Is Pluto a planet? It is, according to NASA Administrator Jared Isaacman, who said as much during a hearing held by the House Appropriations Subcommittee on Commerce, Justice, Science, and Related Agencies to review NASA's Fiscal Year 2027 budget request on Monday.
“I am very much in the camp of ‘make Pluto a planet again,’ and I would say we are doing some papers right now on a position that we would love to escalate through the scientific community to revisit this discussion,” he said in response to a question from Republican Sen. Jerry Moran.
Pluto is a dwarf planet in the Kuiper belt, a ring of icy objects beyond the orbit of Neptune. NASA’s New Horizons mission conducted a flyby of Pluto in 2015, taking the first and only images of its surface.
Pluto’s Discovery — And Demotion
Discovered on Feb. 18, 1930, by astronomer Clyde Tombaugh at Lowell Observatory in Flagstaff, Arizona, the object, 5 billion miles from Earth, had spent over 76 years as the solar system’s ninth planet. It remains the ninth-largest object to orbit the sun, though only just.
The end of its tenure was announced on Aug. 24, 2006, by the International Astronomical Union — a group of astronomers, not planetary scientists — when it issued Resolution B5 that redefined what constitutes a planet in the solar system.
Nowadays, Pluto is called a dwarf planet or (the largest) trans-Neptunian object, and there are only eight planets in the solar system — Mercury, Venus, Earth, Mars, Jupiter, Saturn, Uranus and Neptune.

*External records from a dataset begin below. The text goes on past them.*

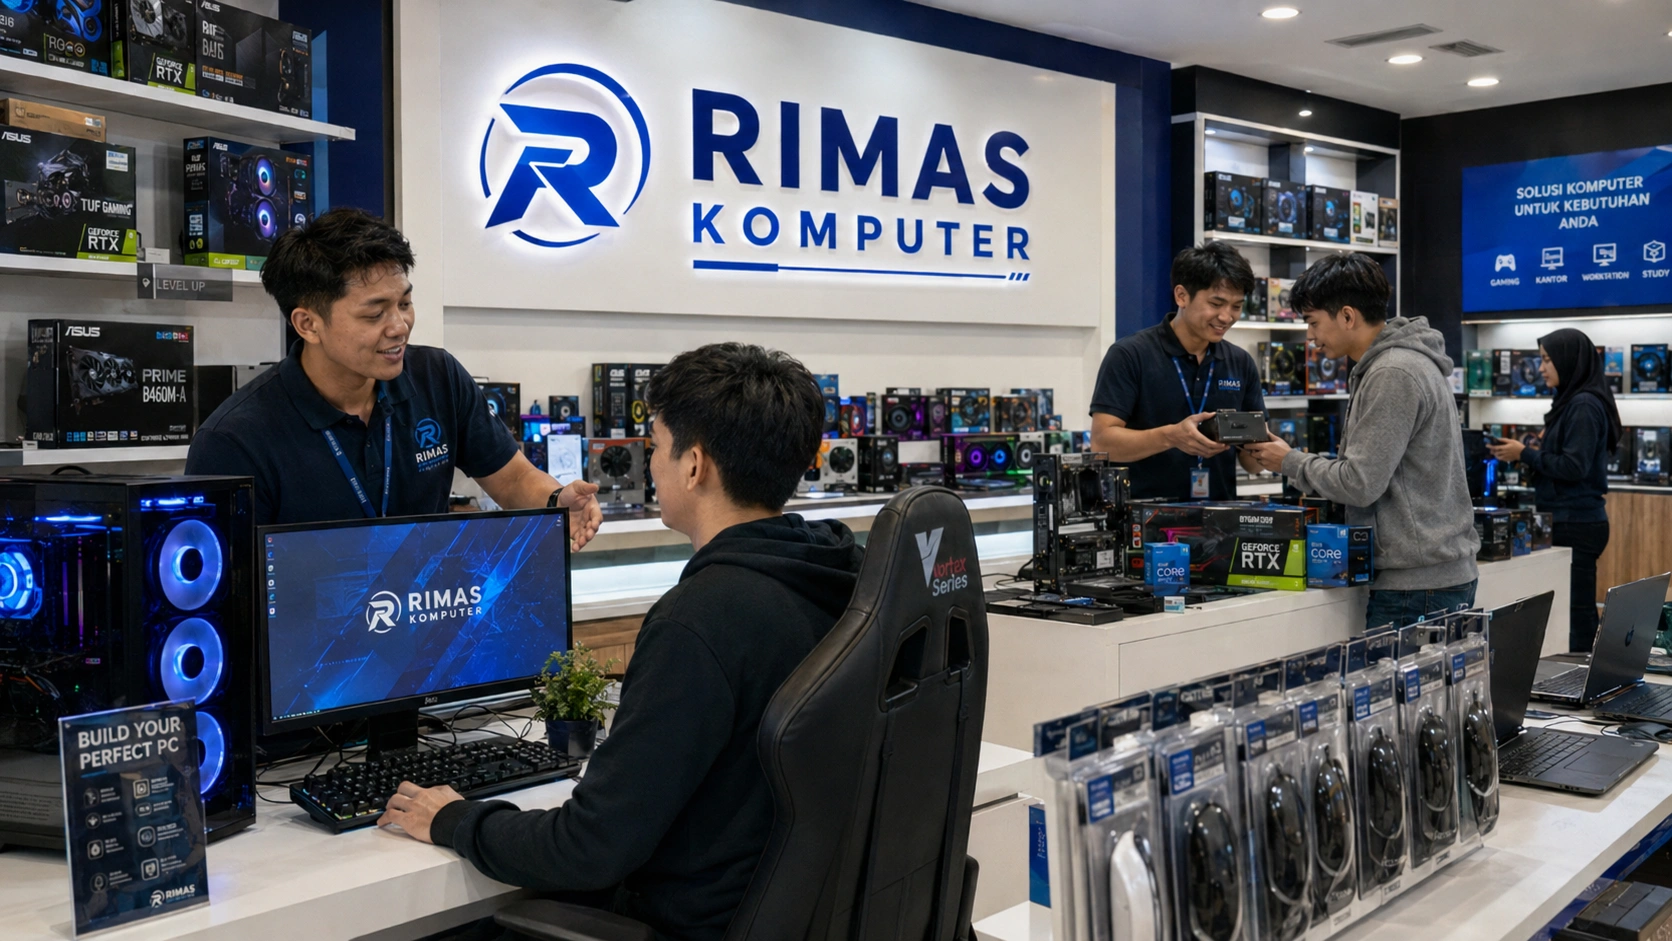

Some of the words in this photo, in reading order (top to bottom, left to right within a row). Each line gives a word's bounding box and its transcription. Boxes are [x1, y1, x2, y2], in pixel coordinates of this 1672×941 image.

[156, 66, 182, 84] RTX
[1, 131, 31, 143] ASUS
[692, 88, 1031, 210] RIMAS
[1516, 183, 1563, 200] SOLUSI
[1566, 175, 1643, 195] KOMPUTER
[81, 198, 101, 212] TUF
[1514, 201, 1560, 216] UNTUK
[1564, 192, 1650, 212] KEBUTUHAN
[693, 202, 1030, 260] KOMPUTER
[1558, 215, 1599, 230] ANDA
[88, 236, 119, 251] RTX
[1535, 274, 1568, 284] KANTOR
[1642, 269, 1670, 278] STUDY
[157, 280, 189, 291] LEVEL
[191, 281, 205, 292] UP
[65, 326, 100, 337] ASUS
[142, 369, 186, 382] PRIME
[142, 386, 186, 402] B460M-A
[415, 443, 449, 463] RIMAS
[1241, 542, 1280, 553] GEFORCE
[1241, 552, 1281, 570] RTX
[932, 573, 968, 597] Series
[408, 586, 482, 612] RIMAS
[409, 606, 482, 624] KOMPUTER
[78, 725, 130, 749] BUILD
[134, 716, 181, 738] YOUR
[80, 741, 153, 770] PERFECT
[157, 737, 179, 755] PC
[165, 884, 196, 899] RIMAS
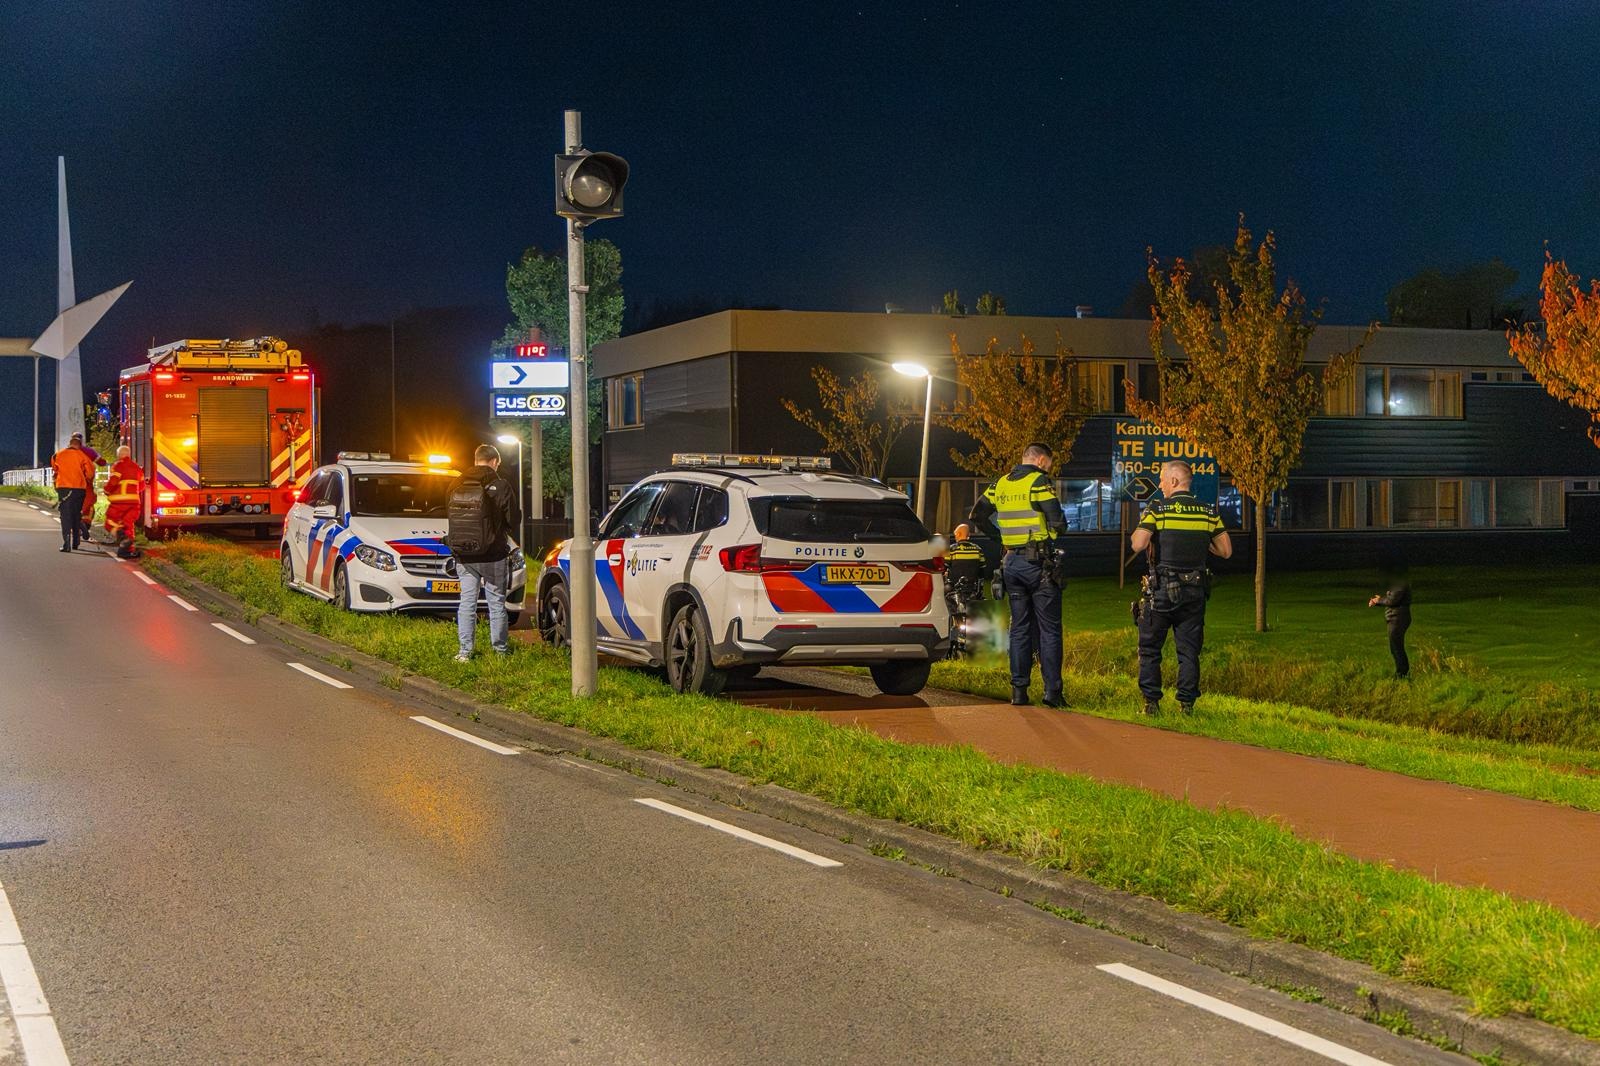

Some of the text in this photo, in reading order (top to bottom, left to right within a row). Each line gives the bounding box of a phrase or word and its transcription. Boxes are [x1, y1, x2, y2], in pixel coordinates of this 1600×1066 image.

[1118, 440, 1145, 457] TE
[795, 547, 847, 557] POLITIE
[626, 555, 658, 576] POLITIE
[830, 567, 886, 580] HKX-70-D
[437, 582, 459, 592] ZH-4

It wasn’t Pluto’s fault. It’s a story plagued by ever-changing nomenclature and the discovery of other large objects, but at its heart is that new definition.
Officially, Pluto is not a planet because it has not cleared its neighboring region of other objects. As of 2006, to get planet status, an object must meet these three criteria:
- It is in orbit around the sun.
- It has sufficient mass to assume hydrostatic equilibrium (a nearly round shape).
- It has “cleared the neighborhood” around its orbit.
Pluto meets the first two criteria, but fails the third. Some planetary scientists argue the definition is flawed and should be revised. Many simply refer to Pluto as a world, therefore dodging the controversy.
Why A Planet Had To Be Redefined
In 2003, American astronomer Michael Brown discovered Sedna, then the most distant object ever found in the solar system. That distinction now goes to a planetoid nicknamed Farfarout (2018 AG37), which was found in 2021.
Sedna was the first of a series of distant objects discovered, including almost Pluto-sized Haumea, Makemake and Eris, which eventually prompted the International Astronomical Union to revoke Pluto's full planet status. The alternative would have been to call about 20 different objects planets.
Isaacman also said that he would like to “ensure that Clyde Tombaugh gets the credit he received once and rightfully deserves to receive again.”
Wishing you clear skies and wide eyes.